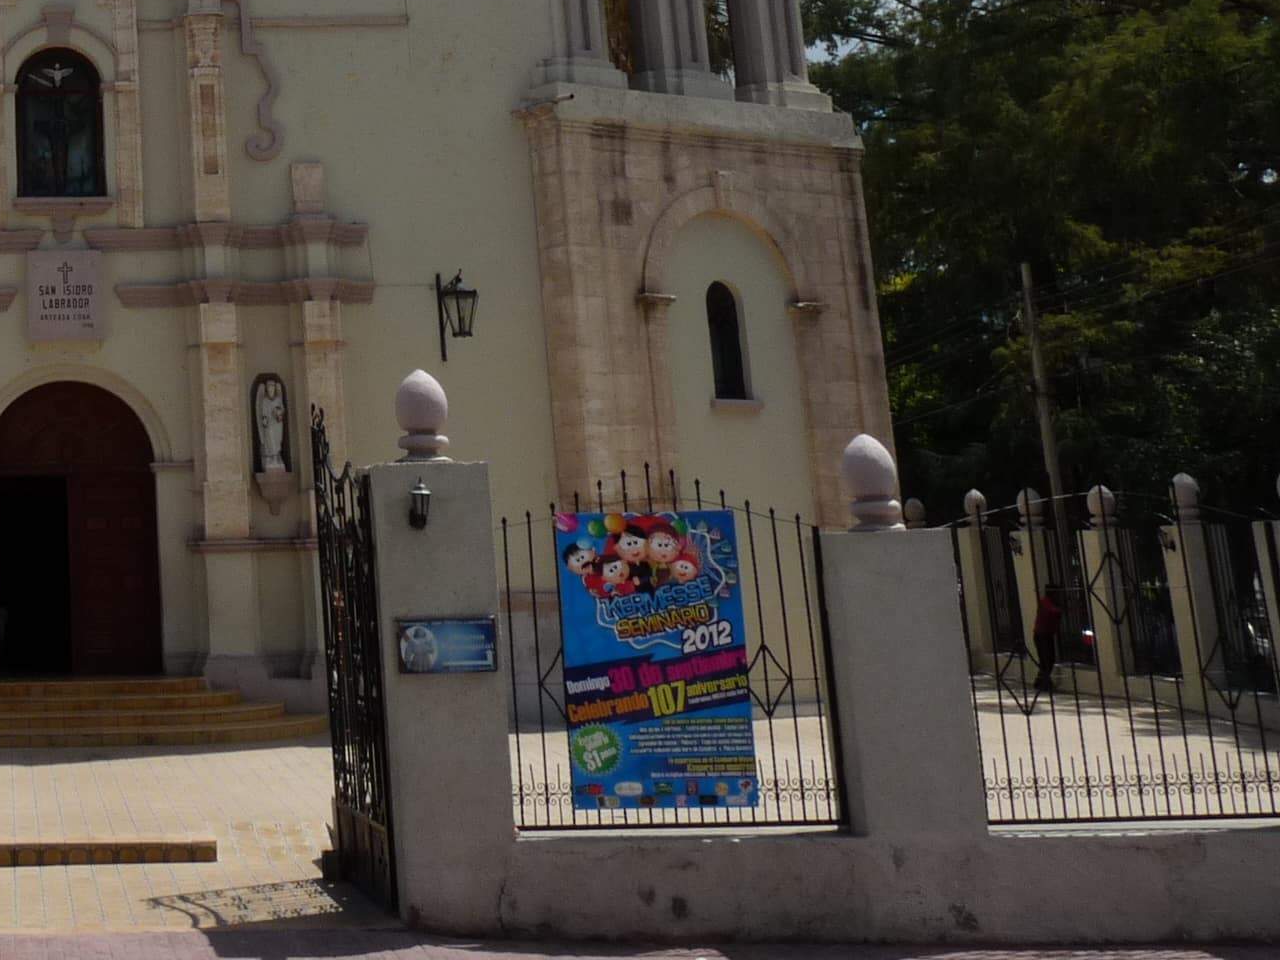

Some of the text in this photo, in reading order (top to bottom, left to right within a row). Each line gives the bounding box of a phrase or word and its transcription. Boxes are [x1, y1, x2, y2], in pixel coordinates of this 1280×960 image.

[38, 284, 93, 296] SAN ISIDRO
[42, 298, 90, 309] LABRADOR
[606, 577, 713, 618] KERMESSE
[616, 604, 710, 637] SEMINARIO
[682, 621, 732, 654] 2012
[566, 676, 610, 695] Domingo
[608, 665, 634, 694] 30
[638, 662, 663, 688] de
[568, 674, 748, 722] Celebrando 107 aniversario

--- --- ---

== Task details ==
Please print every record above exactly, but leave the pictures out.

== Task result ==
Some of the text in this photo, in reading order (top to bottom, left to right within a row). Each line gives the bounding box of a phrase or word and its transcription. Boxes are [x1, y1, x2, y2], in pixel coordinates of this 1280×960 image.

[38, 284, 93, 296] SAN ISIDRO
[42, 298, 90, 309] LABRADOR
[606, 577, 713, 618] KERMESSE
[616, 604, 710, 637] SEMINARIO
[682, 621, 732, 654] 2012
[566, 676, 610, 695] Domingo
[608, 665, 634, 694] 30
[638, 662, 663, 688] de
[568, 674, 748, 722] Celebrando 107 aniversario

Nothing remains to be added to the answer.